The discharge chamber 7, after being filled with working gas, is sealed off (sealed) and is a stand-alone electric vacuum device with a long shelf life (~ 10 years or more).

The proposed pulsed penetrating radiation source makes it possible to generate 2.5 MeV neutron pulses when the discharge chamber is filled with deuterium, when the chamber is filled with a mixture of deuterium with tritium, 14.5 MeV neutrons are generated, and when the chamber is filled with tritium, neutrons of a wide energy spectrum 0-10 MeV.

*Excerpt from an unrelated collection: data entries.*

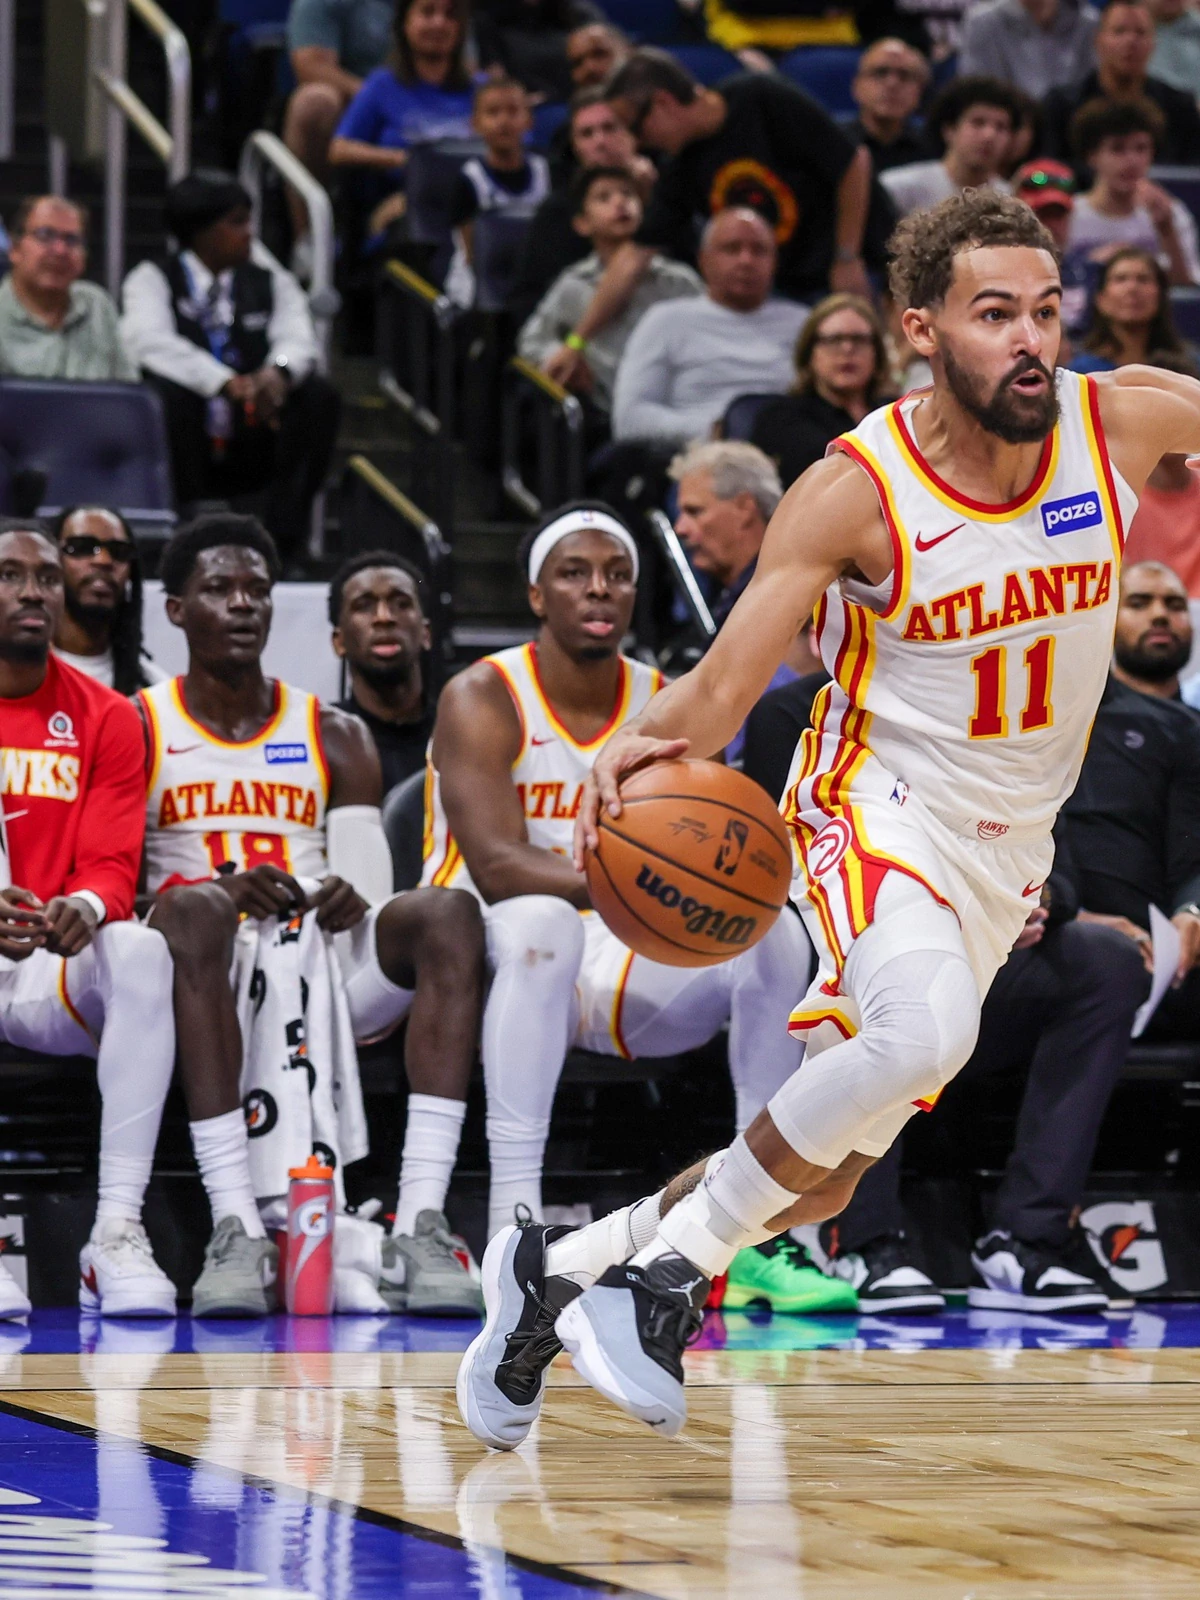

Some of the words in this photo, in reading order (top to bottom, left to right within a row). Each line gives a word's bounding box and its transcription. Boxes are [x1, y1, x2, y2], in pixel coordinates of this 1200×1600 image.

[1045, 500, 1097, 530] paze
[901, 560, 1112, 643] ATLANTA
[968, 634, 1056, 740] 11
[157, 780, 316, 829] ATLANTA
[976, 819, 1010, 836] HAWKS
[635, 863, 757, 945] Wilson
[299, 1203, 328, 1237] G
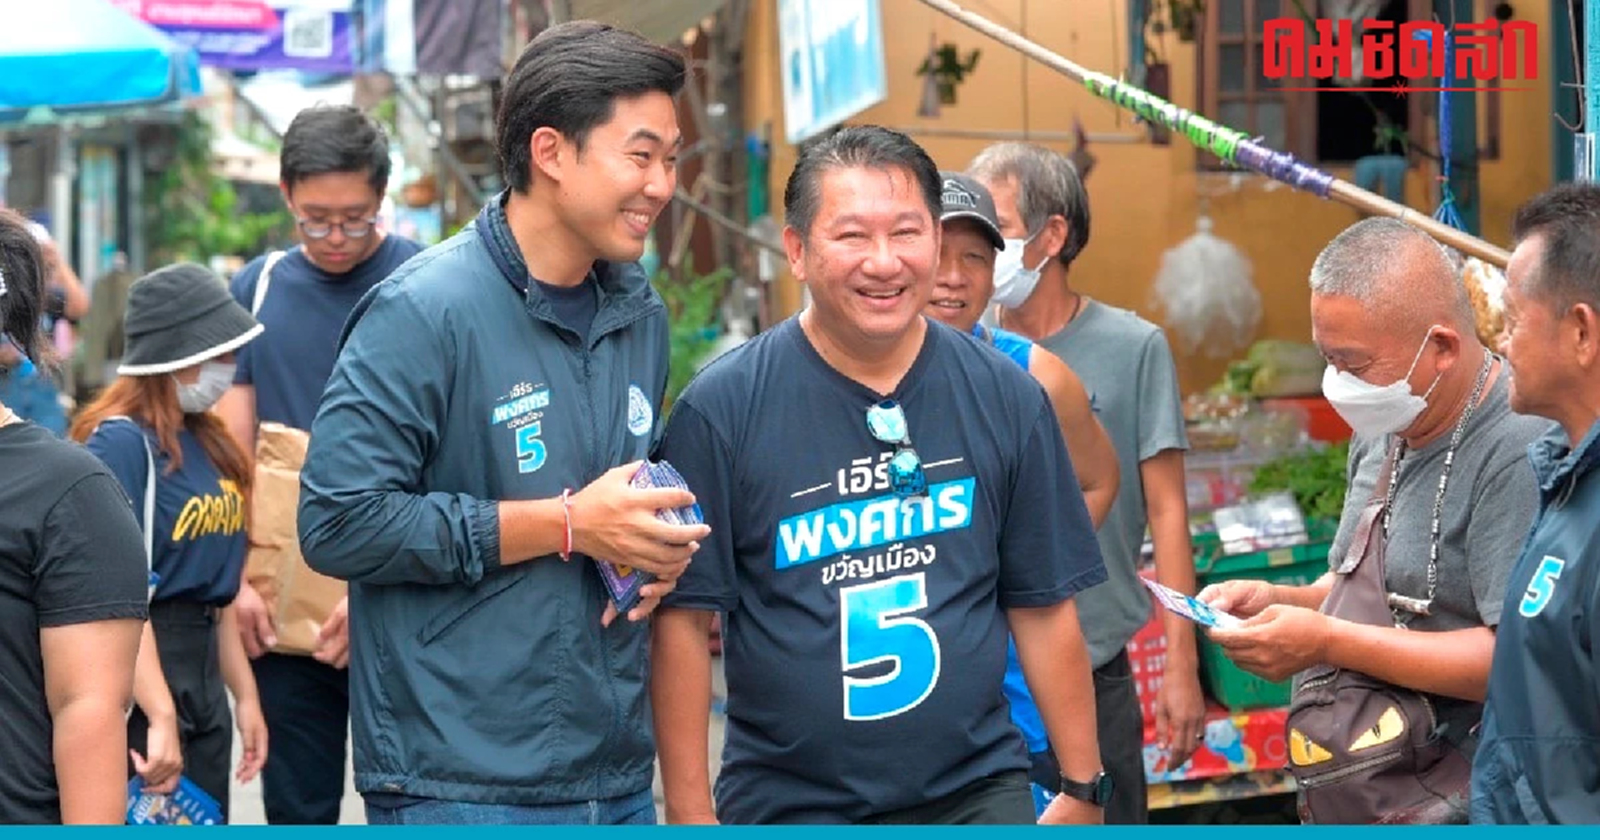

The discharge chamber 7 has an anode and a cathode that determine the direction of current flow through the chamber. It should be connected to the load block 6 (current collector) accordingly: the anode to the positive collector plate, the cathode to the negative plate.

To ensure trouble-free operation, a pulsed source of penetrating radiation is enclosed in a sealed moisture-proof housing 16 A sealed moisture-proof housing 16 provides operation of a pulsed source of penetrating radiation in conditions of high humidity.

The installation of the housing on wheels (not shown in the drawing) allows you to move the pulse source without the use of additional mechanisms.

In addition, the power supply of electronic units is carried out from an autonomous power supply with a voltage of +24 V, which allows the use of a source of penetrating radiation autonomously.

Claims (7)

1. A pulsed source of penetrating radiation, made in the form of one or more modules, each of which contains a capacitive storage connected to a high-voltage power source and connected through a high-current high-voltage switch and a cable line to the load unit, which is a current collector, and a discharge chamber installed in it in which a plasma focus type discharge is formed, the switch start-up system, the cable line is made of coaxial wires of equal length, uniformly distributed the circumference of the current-carrying flanges of the switchboard and the load unit, the interelectrode electrical insulation of the load unit is made of a multilayer package of gaskets made of dielectric material, characterized in that the high-current high-voltage switch is made in the form of a vacuum controlled arrester, the cathode of which is galvanically connected to the zero potential bus, the plates of the current collector are galvanically connected between each other through the throttle, the discharge chamber is made in the form of a gas-filled sealed device, pulse The penetrating radiation source contains an electrical safety system consisting of a high-voltage vacuum relay and discharge resistors connected to the positive bus of the capacitive storage and providing discharge of the capacitive storage after switching off the pulse source. 2. A pulsed source of penetrating radiation according to claim 1, characterized in that the discharge chamber is filled with deuterium. 3. The pulse source of penetrating radiation according to claim 1, characterized in that the discharge chamber is filled with a mixture of deuterium with tritium. 4. The pulse source of penetrating radiation according to claim 1, characterized in that the discharge chamber is filled with tritium. 5. The pulse source of penetrating radiation according to claim 1, characterized in that it is enclosed in a sealed moisture-proof housing. 6. The pulse source of penetrating radiation according to claim 5, characterized in that the sealed moisture-proof housing is equipped with wheels that allow you to move the source without involving additional mechanisms. 7. The pulse source of penetrating radiation according to claim 1, characterized in that the power supply of the electronic units is carried out from an autonomous source with a voltage of +24 V.